せいぜい馬鹿にすればいい、いいように利用すればいい、笑えばいい。
されたらされるだけ、私は家族を憎む。復讐への炎が勢いを増す。
極めつけはミリス。
「ああリリアお姉様はなんて可哀想なの。お姉様のように、無能で愚かで醜くて誰にも愛されない、生きてる価値のない存在なんてそう居ないわ。お姉様は神に疎まれて生まれてきたのね。いえ、神の過ち、生まれてはいけない存在だったのよ」
そう言って、私に水をかける義妹。コトリと空になった水差しが、テーブルに置かれる。
「対して私を見てごらんなさい。こんなにも美しく誰からも愛される存在。私は神の祝福をうけ……愛されて生まれてきたの」
それから俯く私の顔を下から覗き込む。醜く顔を歪ませて。
「可哀想に、ああ可哀想にお姉様。ねえ羨ましい? 私のこと、羨ましい?」
何度ループしても、義妹はずっと私を見下し馬鹿にしていた。だが今回はこれまでで一番酷い。
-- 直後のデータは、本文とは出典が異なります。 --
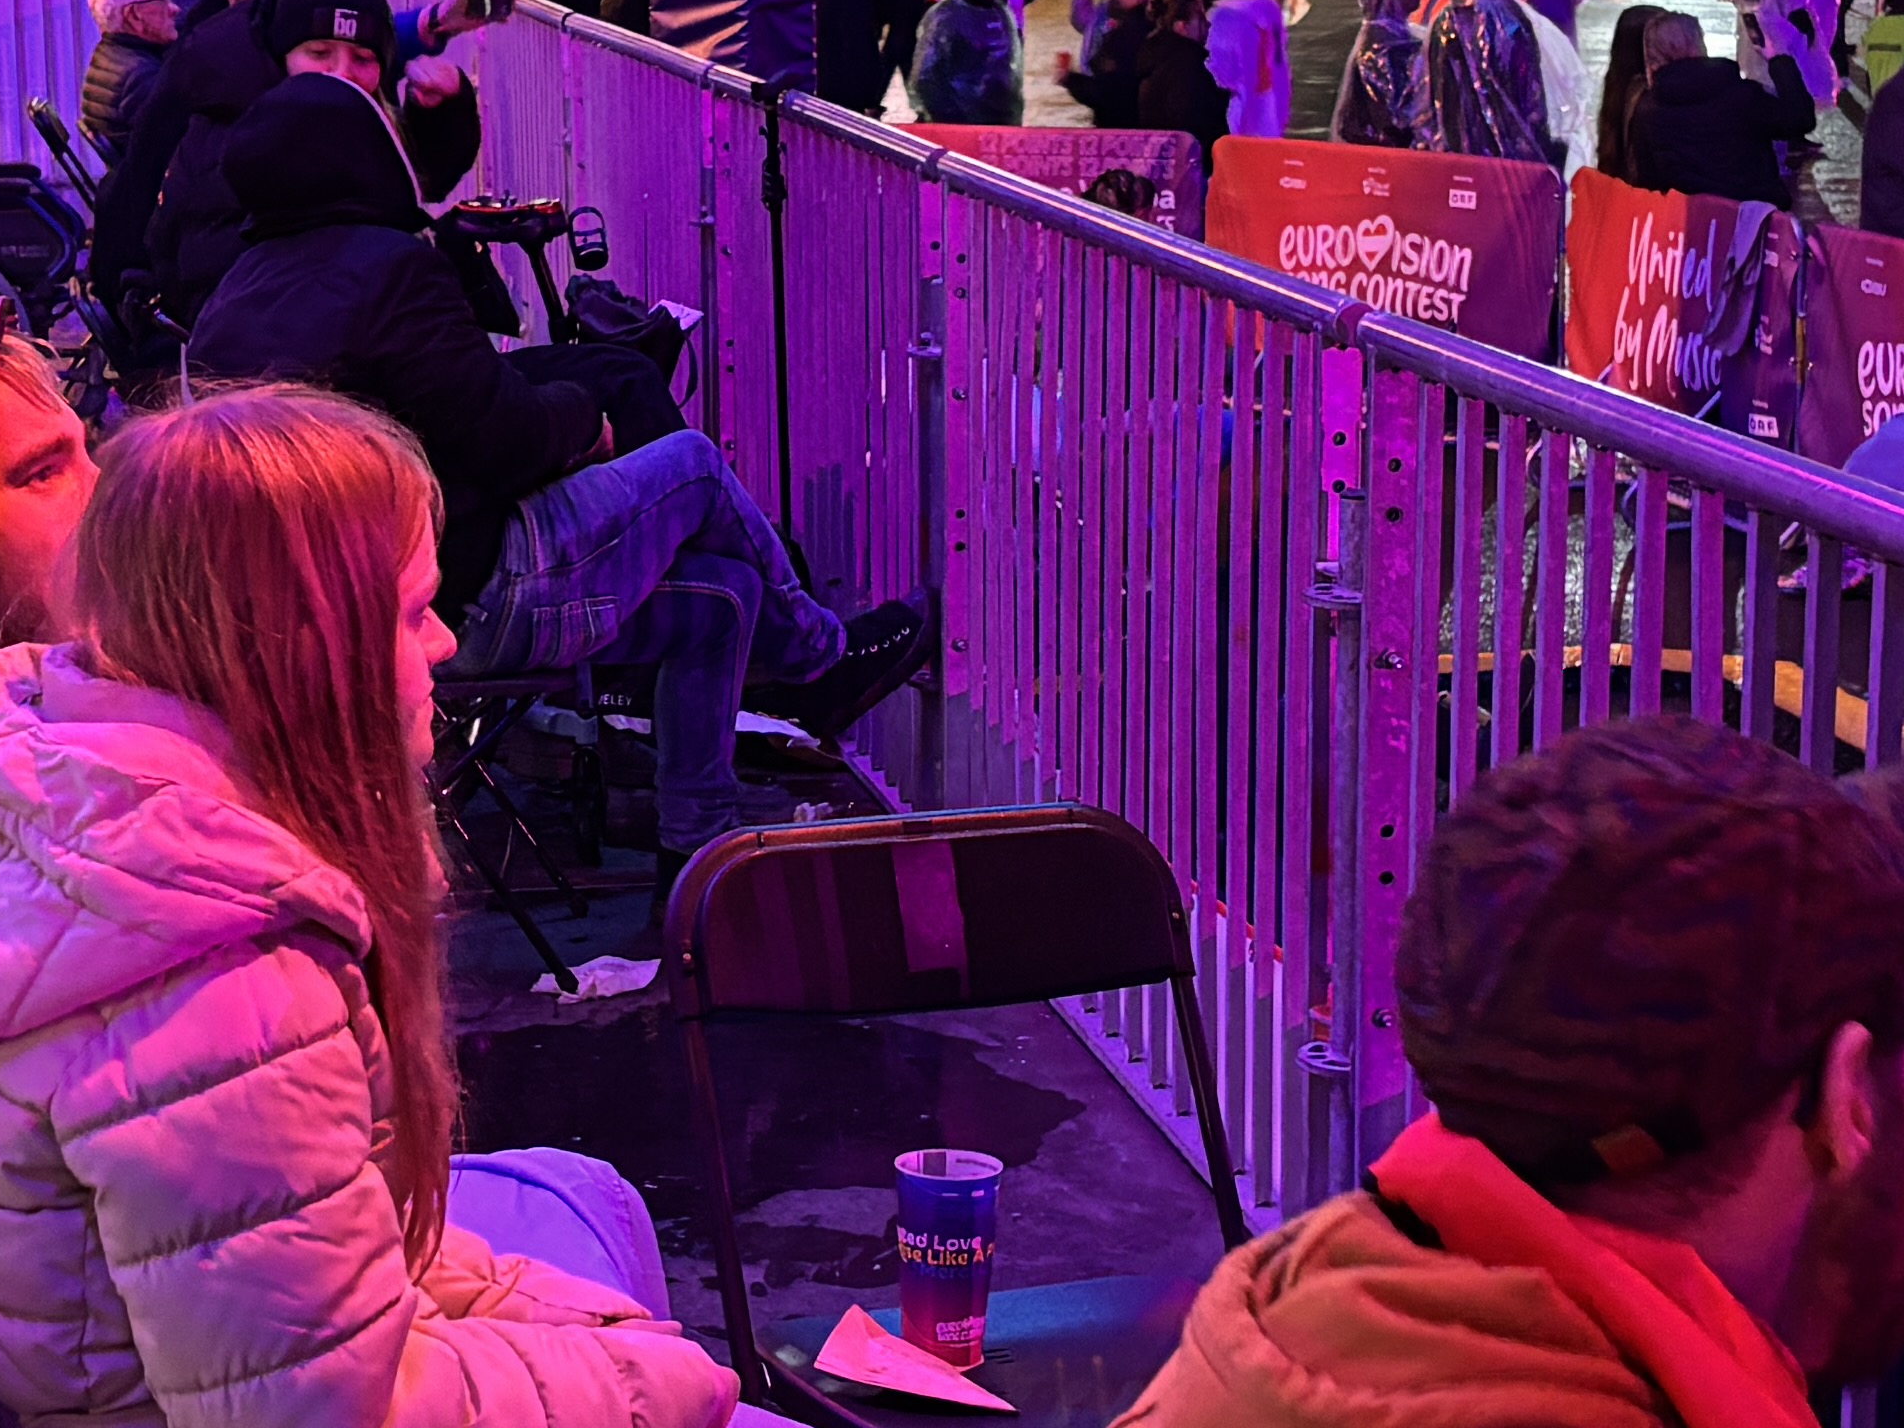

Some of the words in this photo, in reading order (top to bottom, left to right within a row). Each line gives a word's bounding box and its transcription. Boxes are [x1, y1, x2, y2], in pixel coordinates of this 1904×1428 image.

なんとしても自分が上だと私に知らしめたいらしい。一度歯向かったことが、そんなにも彼女のプライドを傷つけたのか。……なんともちっぽけなプライドである。
私が俯いているのは、笑い出しそうなのを必死でこらえてるからだってこと、義妹はまったく気づいていない。
私が無能を演じていることを、家族の誰も気づかない。
本当は、もう何度もループして使用人の仕事くらいこなせるようになっている。
今現在からこの先まで、領土にどのような問題が起こるかも知っている。民が何を望んでいるかも当然分かっている。
けれど私は何もしなかった。
肉体年齢に相応しい動きをし、何も知らない子供を演じた。雑務は失敗続きの無能さを家族に見せつけ、執務に関して何も口出ししなかった。
父はやっぱり愚鈍な公爵となり、領地は荒れた。何もしなくても民の不満の声が聞かれるようになった。けれどやっぱり父は何もしない。
「文句を言うやつらは捕えて牢にでも入れておけ」
などと、とんでもないことを街や村の自警団に指示を出すだけ。当然不満は大きくなった。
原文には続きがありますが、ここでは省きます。